Spatial localization data
........
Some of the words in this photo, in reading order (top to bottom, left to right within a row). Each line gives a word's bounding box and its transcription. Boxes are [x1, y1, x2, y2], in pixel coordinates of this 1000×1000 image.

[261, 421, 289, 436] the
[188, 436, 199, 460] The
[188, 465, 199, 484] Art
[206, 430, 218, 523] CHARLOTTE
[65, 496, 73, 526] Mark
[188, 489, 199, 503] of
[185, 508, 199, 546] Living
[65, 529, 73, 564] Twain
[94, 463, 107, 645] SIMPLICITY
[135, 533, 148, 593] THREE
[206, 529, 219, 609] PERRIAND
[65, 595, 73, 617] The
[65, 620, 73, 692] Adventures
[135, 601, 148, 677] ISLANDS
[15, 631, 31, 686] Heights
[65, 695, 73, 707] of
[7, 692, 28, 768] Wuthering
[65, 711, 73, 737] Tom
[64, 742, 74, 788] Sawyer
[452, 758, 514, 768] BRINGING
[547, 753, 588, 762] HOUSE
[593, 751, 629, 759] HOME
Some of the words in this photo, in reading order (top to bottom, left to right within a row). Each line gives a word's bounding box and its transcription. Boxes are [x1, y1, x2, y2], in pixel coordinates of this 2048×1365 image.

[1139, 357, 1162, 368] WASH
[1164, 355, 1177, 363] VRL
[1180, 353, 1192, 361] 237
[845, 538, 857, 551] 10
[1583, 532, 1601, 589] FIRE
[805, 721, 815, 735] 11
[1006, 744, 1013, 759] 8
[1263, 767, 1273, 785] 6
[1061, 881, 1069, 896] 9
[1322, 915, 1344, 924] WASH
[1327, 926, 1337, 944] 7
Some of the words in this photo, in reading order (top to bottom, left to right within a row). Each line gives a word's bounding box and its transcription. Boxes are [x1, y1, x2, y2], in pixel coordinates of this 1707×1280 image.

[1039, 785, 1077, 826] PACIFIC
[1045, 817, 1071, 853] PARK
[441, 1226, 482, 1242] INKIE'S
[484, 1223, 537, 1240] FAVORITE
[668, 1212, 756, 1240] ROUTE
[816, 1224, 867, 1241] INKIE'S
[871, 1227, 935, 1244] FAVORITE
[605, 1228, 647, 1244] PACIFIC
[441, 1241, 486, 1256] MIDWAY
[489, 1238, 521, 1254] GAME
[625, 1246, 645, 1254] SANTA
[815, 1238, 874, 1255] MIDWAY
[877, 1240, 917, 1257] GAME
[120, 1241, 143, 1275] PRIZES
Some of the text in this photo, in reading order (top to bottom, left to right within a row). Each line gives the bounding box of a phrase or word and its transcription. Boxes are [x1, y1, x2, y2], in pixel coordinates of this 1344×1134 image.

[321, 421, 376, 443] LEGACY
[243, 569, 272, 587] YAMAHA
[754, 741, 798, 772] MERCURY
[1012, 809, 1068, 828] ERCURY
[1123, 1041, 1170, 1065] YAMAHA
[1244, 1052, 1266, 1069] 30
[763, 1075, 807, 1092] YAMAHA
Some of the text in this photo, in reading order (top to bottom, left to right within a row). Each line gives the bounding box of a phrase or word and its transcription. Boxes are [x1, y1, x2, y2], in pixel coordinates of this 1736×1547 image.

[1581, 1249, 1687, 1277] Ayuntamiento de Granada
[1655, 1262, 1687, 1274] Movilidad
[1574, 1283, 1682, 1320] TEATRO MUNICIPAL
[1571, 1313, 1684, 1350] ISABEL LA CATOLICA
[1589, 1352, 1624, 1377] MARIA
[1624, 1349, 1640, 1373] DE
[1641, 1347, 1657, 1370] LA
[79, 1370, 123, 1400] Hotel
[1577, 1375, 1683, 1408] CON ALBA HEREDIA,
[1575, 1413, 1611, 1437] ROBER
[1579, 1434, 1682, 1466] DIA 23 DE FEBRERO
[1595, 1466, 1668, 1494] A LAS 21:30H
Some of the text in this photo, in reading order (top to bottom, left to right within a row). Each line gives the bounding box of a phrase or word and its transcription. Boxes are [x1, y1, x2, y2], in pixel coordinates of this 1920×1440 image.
........
Task description: Write out each entry above exactly as it is written.

Answer to this task:
Some of the words in this photo, in reading order (top to bottom, left to right within a row). Each line gives a word's bounding box and its transcription. Boxes are [x1, y1, x2, y2], in pixel coordinates of this 1000×1000 image.

[261, 421, 289, 436] the
[188, 436, 199, 460] The
[188, 465, 199, 484] Art
[206, 430, 218, 523] CHARLOTTE
[65, 496, 73, 526] Mark
[188, 489, 199, 503] of
[185, 508, 199, 546] Living
[65, 529, 73, 564] Twain
[94, 463, 107, 645] SIMPLICITY
[135, 533, 148, 593] THREE
[206, 529, 219, 609] PERRIAND
[65, 595, 73, 617] The
[65, 620, 73, 692] Adventures
[135, 601, 148, 677] ISLANDS
[15, 631, 31, 686] Heights
[65, 695, 73, 707] of
[7, 692, 28, 768] Wuthering
[65, 711, 73, 737] Tom
[64, 742, 74, 788] Sawyer
[452, 758, 514, 768] BRINGING
[547, 753, 588, 762] HOUSE
[593, 751, 629, 759] HOME
Some of the words in this photo, in reading order (top to bottom, left to right within a row). Each line gives a word's bounding box and its transcription. Boxes are [x1, y1, x2, y2], in pixel coordinates of this 2048×1365 image.

[1139, 357, 1162, 368] WASH
[1164, 355, 1177, 363] VRL
[1180, 353, 1192, 361] 237
[845, 538, 857, 551] 10
[1583, 532, 1601, 589] FIRE
[805, 721, 815, 735] 11
[1006, 744, 1013, 759] 8
[1263, 767, 1273, 785] 6
[1061, 881, 1069, 896] 9
[1322, 915, 1344, 924] WASH
[1327, 926, 1337, 944] 7
Some of the words in this photo, in reading order (top to bottom, left to right within a row). Each line gives a word's bounding box and its transcription. Boxes are [x1, y1, x2, y2], in pixel coordinates of this 1707×1280 image.

[1039, 785, 1077, 826] PACIFIC
[1045, 817, 1071, 853] PARK
[441, 1226, 482, 1242] INKIE'S
[484, 1223, 537, 1240] FAVORITE
[668, 1212, 756, 1240] ROUTE
[816, 1224, 867, 1241] INKIE'S
[871, 1227, 935, 1244] FAVORITE
[605, 1228, 647, 1244] PACIFIC
[441, 1241, 486, 1256] MIDWAY
[489, 1238, 521, 1254] GAME
[625, 1246, 645, 1254] SANTA
[815, 1238, 874, 1255] MIDWAY
[877, 1240, 917, 1257] GAME
[120, 1241, 143, 1275] PRIZES
Some of the text in this photo, in reading order (top to bottom, left to right within a row). Each line gives the bounding box of a phrase or word and its transcription. Boxes are [x1, y1, x2, y2], in pixel coordinates of this 1344×1134 image.

[321, 421, 376, 443] LEGACY
[243, 569, 272, 587] YAMAHA
[754, 741, 798, 772] MERCURY
[1012, 809, 1068, 828] ERCURY
[1123, 1041, 1170, 1065] YAMAHA
[1244, 1052, 1266, 1069] 30
[763, 1075, 807, 1092] YAMAHA
Some of the text in this photo, in reading order (top to bottom, left to right within a row). Each line gives the bounding box of a phrase or word and its transcription. Boxes are [x1, y1, x2, y2], in pixel coordinates of this 1736×1547 image.

[1581, 1249, 1687, 1277] Ayuntamiento de Granada
[1655, 1262, 1687, 1274] Movilidad
[1574, 1283, 1682, 1320] TEATRO MUNICIPAL
[1571, 1313, 1684, 1350] ISABEL LA CATOLICA
[1589, 1352, 1624, 1377] MARIA
[1624, 1349, 1640, 1373] DE
[1641, 1347, 1657, 1370] LA
[79, 1370, 123, 1400] Hotel
[1577, 1375, 1683, 1408] CON ALBA HEREDIA,
[1575, 1413, 1611, 1437] ROBER
[1579, 1434, 1682, 1466] DIA 23 DE FEBRERO
[1595, 1466, 1668, 1494] A LAS 21:30H
Some of the text in this photo, in reading order (top to bottom, left to right within a row). Each line gives the bounding box of a phrase or word and its transcription. Boxes are [x1, y1, x2, y2], in pixel coordinates of this 1920×1440 image.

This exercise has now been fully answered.